Despite their doctrinal differences, religions of this type can always be identified by the formula they share. In the same way that, even if nobody receives the Nigerian prince 419 email anymore, they can still tell that when a Dutch dignitary being exiled “needs help moving his fortune out of the country” and “some of it can be yours for a relatively slight transfer fee”, it’s still the same type of scam but with changed details.

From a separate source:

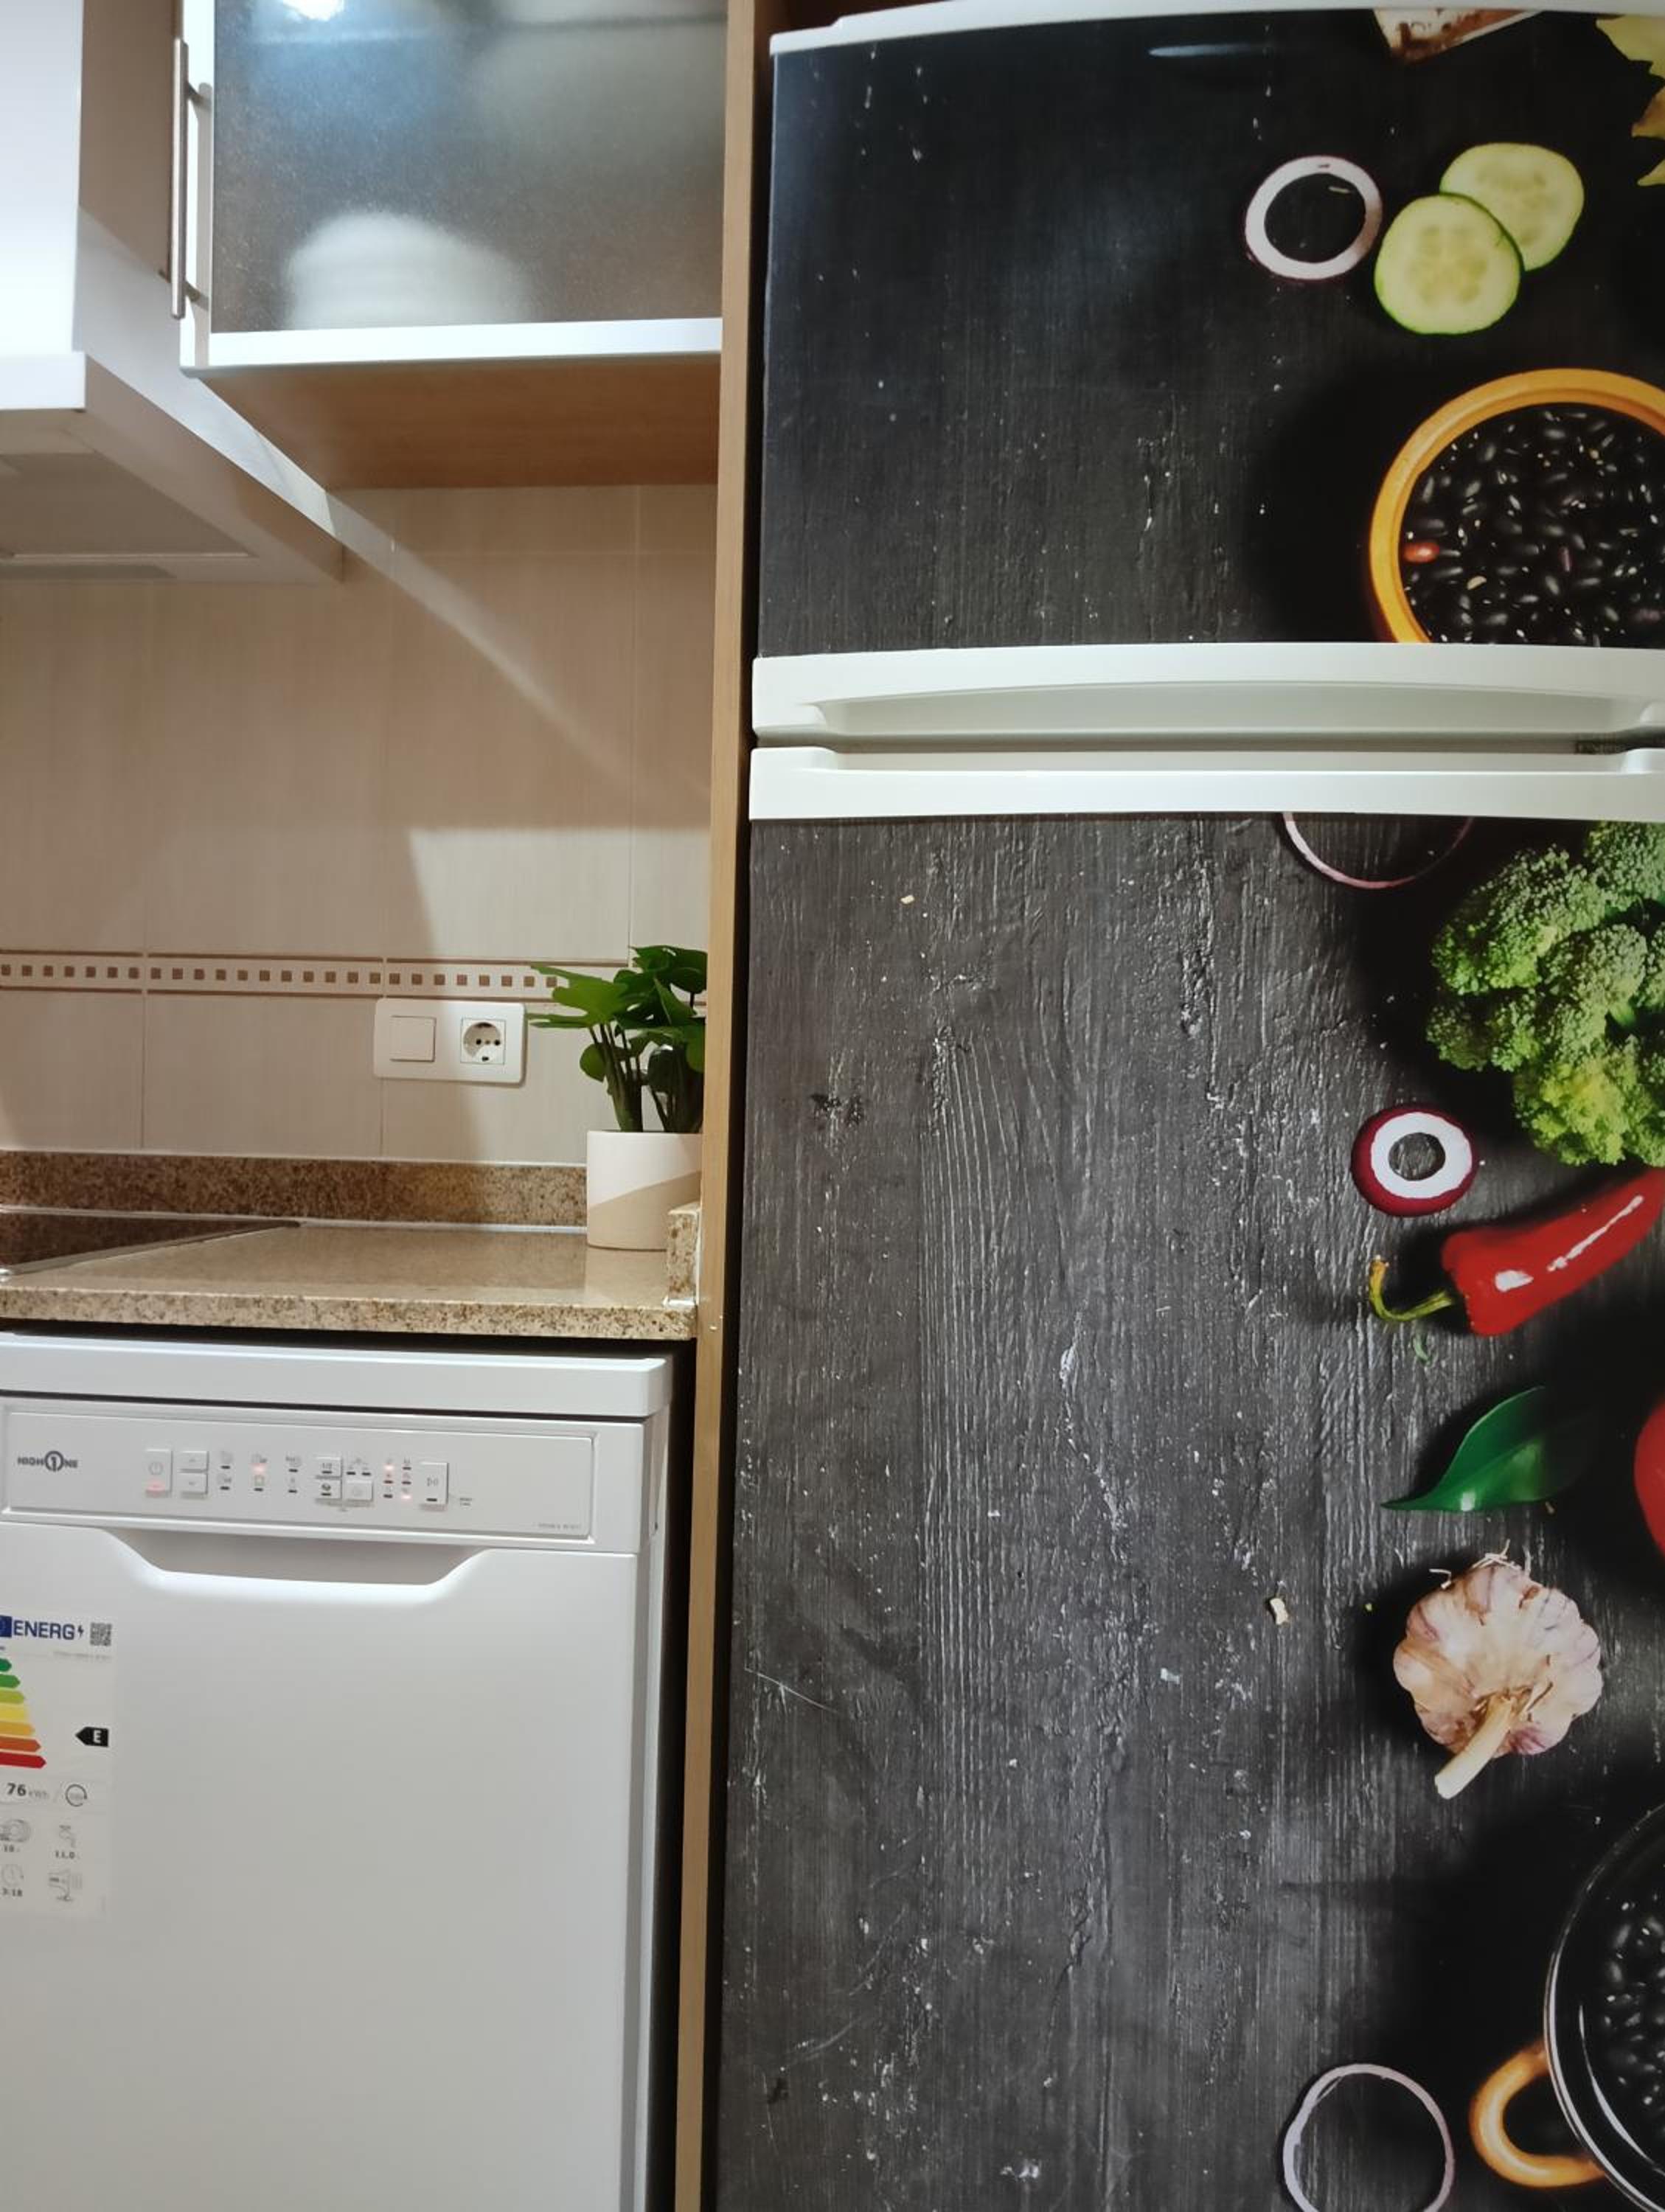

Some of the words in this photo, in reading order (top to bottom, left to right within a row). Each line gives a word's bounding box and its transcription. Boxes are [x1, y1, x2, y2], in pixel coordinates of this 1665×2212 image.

[13, 1620, 75, 1641] ENERG
[94, 1730, 102, 1744] E
[7, 1782, 27, 1797] 76
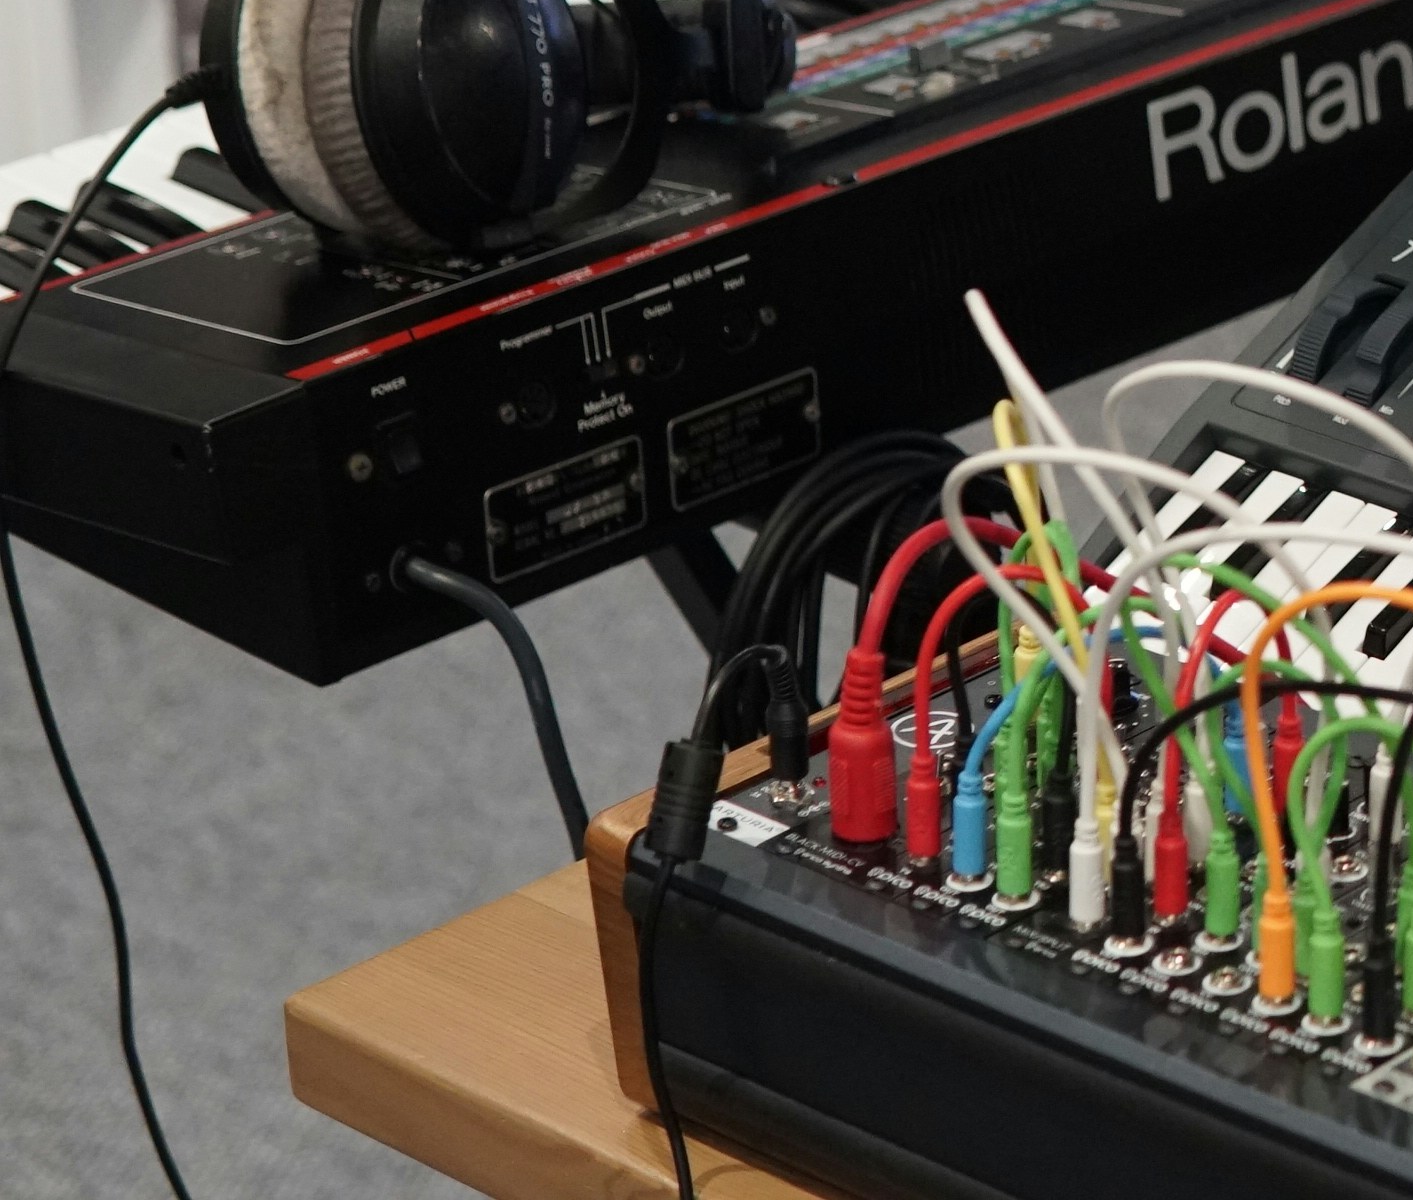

Likewise, for every religion which uses this formula there is an unverifiable future reward if you join and don’t leave (Heaven, being carried away by UFOs, whatever) an unverifiable punishment if you don’t join or ever leave (left behind by UFOs as the Earth is destroyed, sent to Hell, etc.) a short term time limit to add urgency, both to convert yourself and to go evangelize so you can save as many other people as possible before “the end”, testimonials from people who supposedly prayed and were healed, received a financial windfall or whatever else, etc. etc. etc.
It can be difficult or impossible for people in the religion to see it in this way. Aspects of how it’s designed help put it as far beyond doubt as possible such that it’s the absolute last institution that a believer would ever suspect as fraudulent.
As a result, describing it as an unusually successful end of the world cult will sound to them either like crazy talk or a deliberate attempt to be hurtful. They will see the verses supplied above as being misconstrued, because there is an “in-religion” rationale for each of them which the true believer feels is the actual meaning.
For instance, in Scientology there is a disconnection policy which urges members to cut off family members who are trying to extricate them from the church. We all know why. But the reason they give, which members take at face value, is that being around people low on the tone scale will inhibit their movement up the bridge, the Scientologist equivalent of spiritual growth.
So it goes for the Biblical verses I supplied. Someone still on the inside will perceive, interpret, and feel completely differently about them than a skeptic, even while being able to identify the true purpose of the exact same practices in religions they are not a part of. You can only see what stuff like that’s really intended for from the outside.